Los platos e ingredientes culinarios básicos de Nueva Orleans

El gumbo: recibe el nombre de la palabra nkombo, okra en bantú. Este guiso caldoso africano se introdujo alrededor de 1719 y se cocina con okra (como espesante, aunque también se puede usar un roux o un polvo de filé) acompañado de mariscos, pollo y salchicha andouille (parecida al salchichón), servido sobre arroz. El gumbo se fue adaptando con el tiempo, y como la mayoría de los lugareños dicen, no hay una receta establecida para el gumbo perfecto. Cada uno tiene su propia manera de hacerla añadiendo mariscos en lugar de pollo o salchichas en lugar de jamón, todo es una cuestión de gustos.

La jambalaya: de influencia española la jambalaya es un plato de arroz servido con una mezcla de pollo, mariscos, salchichas, o los tres con tomate, cebolla, pimiento, apio, caldo de pollo tomillo, laurel y orégano.

Étouffée de cangrejo de río: a la base de roux o bechamel se le añade cangrejo de río, caldo, pimentón verde, ajo, cebolla finamente picada y condimento cajún, y se le acompaña de arroz.

Po-Boy: la historia del Po-Boy de Nueva Orleans se remonta a casi 100 años atrás, durante la Gran Depresión. Se trata de un sándwich de pan crujiente y un interior esponjoso lleno de carne (preferiblemente de ternera) o marisco, a veces cubierto con papas fritas y salsa. Recibe este nombre porque en un principio era un plato sencillo para “poor boy” o chico pobre. Hoy en día es toda una delicatessen con la mejor materia prima.

Arroz con alubias rojas: el plato favorito de Ray Charles, generalmente va acompañado de salchichas o chuletas de cerdo. Louis Armstrong, oriundo de NOLA, siempre se despedía en sus cartas con un "red beans and ricely yours" en honor al “red beans and rice”.

El muffuletta, es otro bocadillo, esta vez de origen italiano (en 1880 llegaron muchos inmigrantes procedentes de Sicilia). Se trata de un pan enorme redondo lleno de embutidos y queso (en capas) con aceitunas verdes picadas, pimientos, apio, ajo, cebollas de cóctel, alcaparras, orégano, perejil, aceite de oliva, vinagre de vino rojo, sal y pimienta. Es tan abundante para el estándar europeo que se necesitan por las menos 4 personas para comerlo.

Ostras al carbón u ostras Roquefeller: gratinadas, preparadas con espinacas y una roux de mantequilla.
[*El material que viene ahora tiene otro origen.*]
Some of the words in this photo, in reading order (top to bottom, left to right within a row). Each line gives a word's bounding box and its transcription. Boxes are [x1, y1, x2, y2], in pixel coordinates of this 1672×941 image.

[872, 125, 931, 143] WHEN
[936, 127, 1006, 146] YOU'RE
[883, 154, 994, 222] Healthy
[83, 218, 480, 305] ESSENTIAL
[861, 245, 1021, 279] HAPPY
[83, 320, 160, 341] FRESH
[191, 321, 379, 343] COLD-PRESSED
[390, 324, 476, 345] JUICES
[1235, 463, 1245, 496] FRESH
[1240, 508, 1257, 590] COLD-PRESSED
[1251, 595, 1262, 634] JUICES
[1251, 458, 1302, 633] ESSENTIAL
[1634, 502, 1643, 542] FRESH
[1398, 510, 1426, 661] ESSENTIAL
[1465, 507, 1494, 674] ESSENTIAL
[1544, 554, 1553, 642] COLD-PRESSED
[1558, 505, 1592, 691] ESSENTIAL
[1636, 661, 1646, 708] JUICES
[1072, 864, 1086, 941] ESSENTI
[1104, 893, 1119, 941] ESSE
Beignet, una delicia dulce y frita cubierta de azúcar glass, muy parecida al churro pero con forma rectangular. Los plátanos Foster dorados en mantequilla, con canela, ron oscuro y servidos con helado son muy conocidos también. Otro dulce típico es el praliné, una mezcla de nueces, jarabe de azúcar y crema.

Ingredientes típicos:

El “filé”: una especia en polvo que los nativos americanos elaboraban con las hojas secas de sasafrás, ideal para espesar gumbos y sopas. Salsas picantes (muchos afirman que la salsa Tabasco se creó en Luisiana), arroz y alubias, pan de maíz, sémola, mariscos, caimán, tomates verdes fritos, mostaza criolla, salchichas buodin (parecida a la morcilla), y las versiones de Nueva Orleans de pan francés. La roux oscura, que no es más que una bechamel con agua o caldo y con grasa. El color de la roux se le proporciona al dorar la harina.
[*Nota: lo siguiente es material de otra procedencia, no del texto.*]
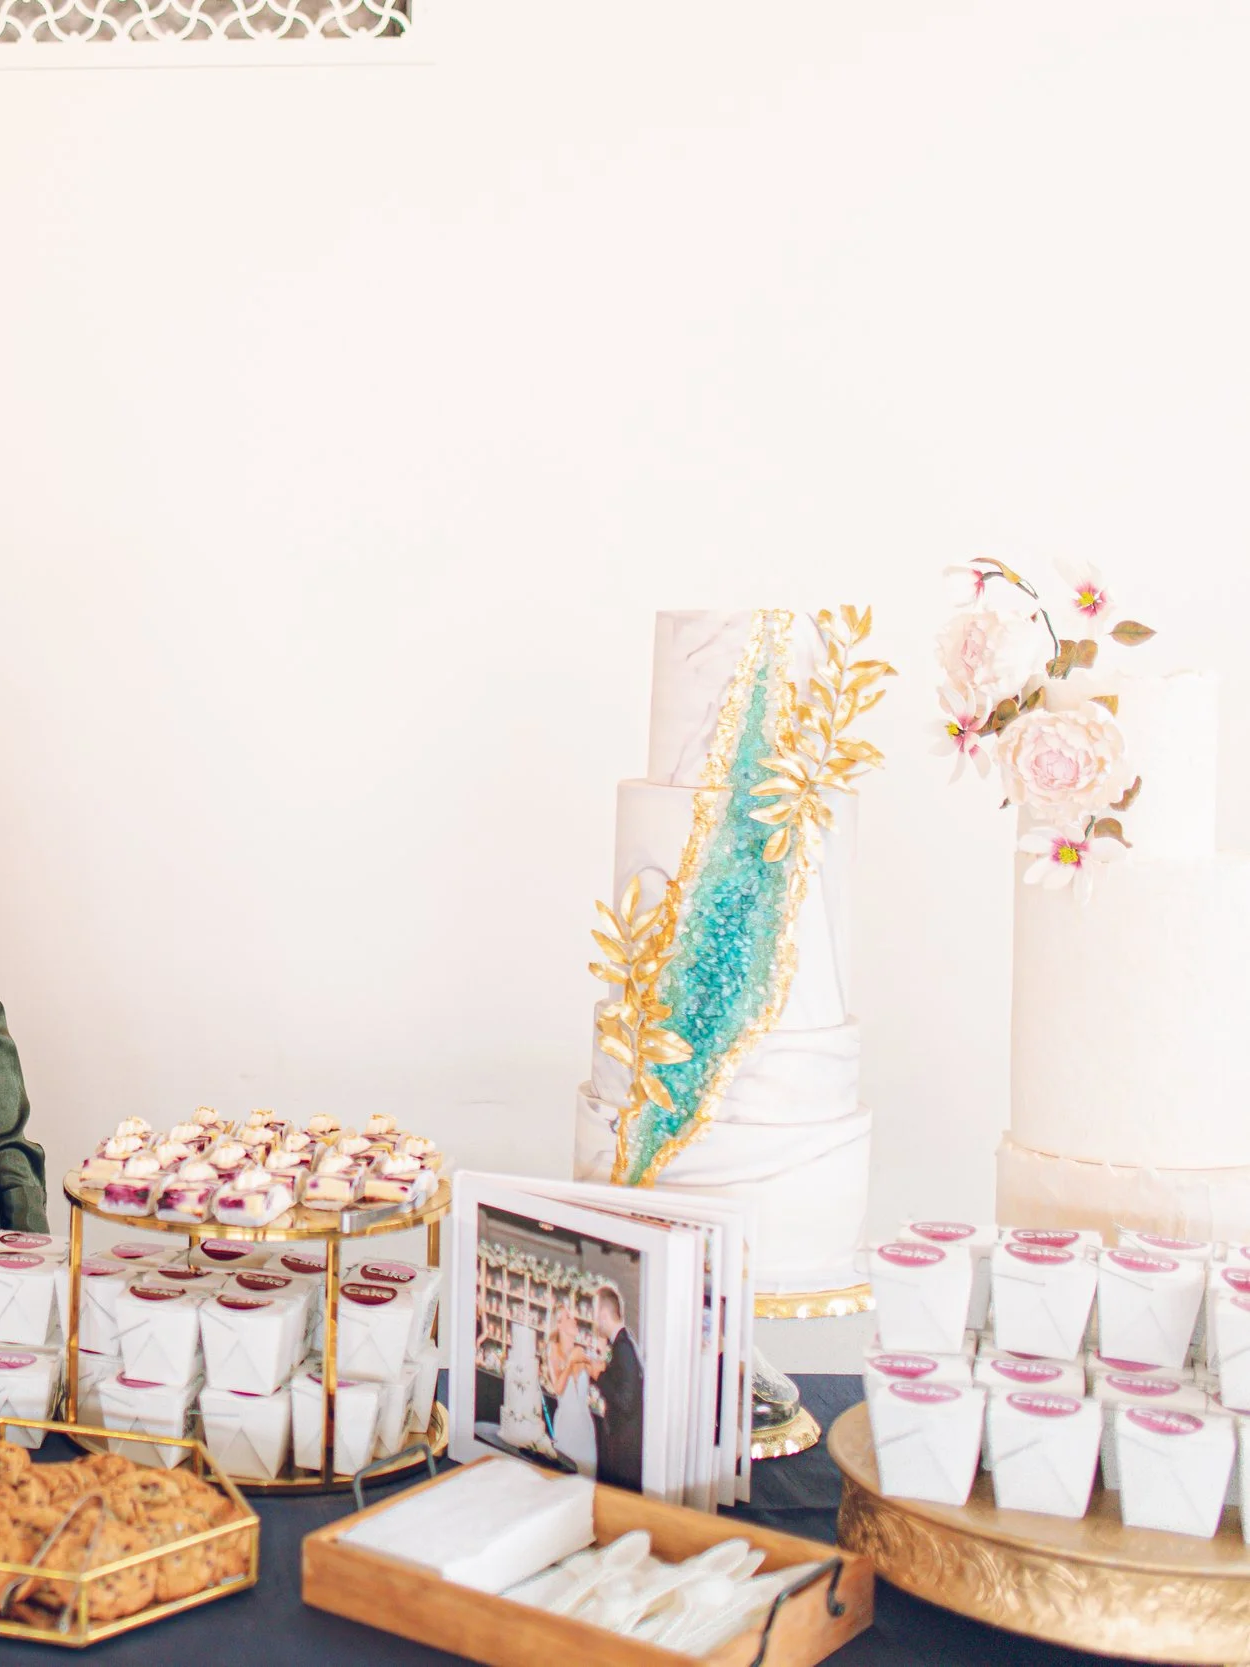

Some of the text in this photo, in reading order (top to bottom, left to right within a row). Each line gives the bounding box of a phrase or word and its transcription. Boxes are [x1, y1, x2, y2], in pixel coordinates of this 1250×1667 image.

Todo este carnaval culinario siempre se riega con una buena cerveza o con bebidas típicas de la zona como el Sazerac, el cocktail oficial que se compone de 1 cucharadita de absenta, Pernod, licor o Herbsaint, 1 cucharadita de azúcar, 5 cl. de whisky de centeno o coñac, Peychaud bitter (angostura) al gusto y cáscara de limón.

Estos son solo algunos de los platos que transmiten la contagiosa y vibrante alegría de las calles de Nueva Orleans. La cocina sureña de Luisiana es una forma de vivir.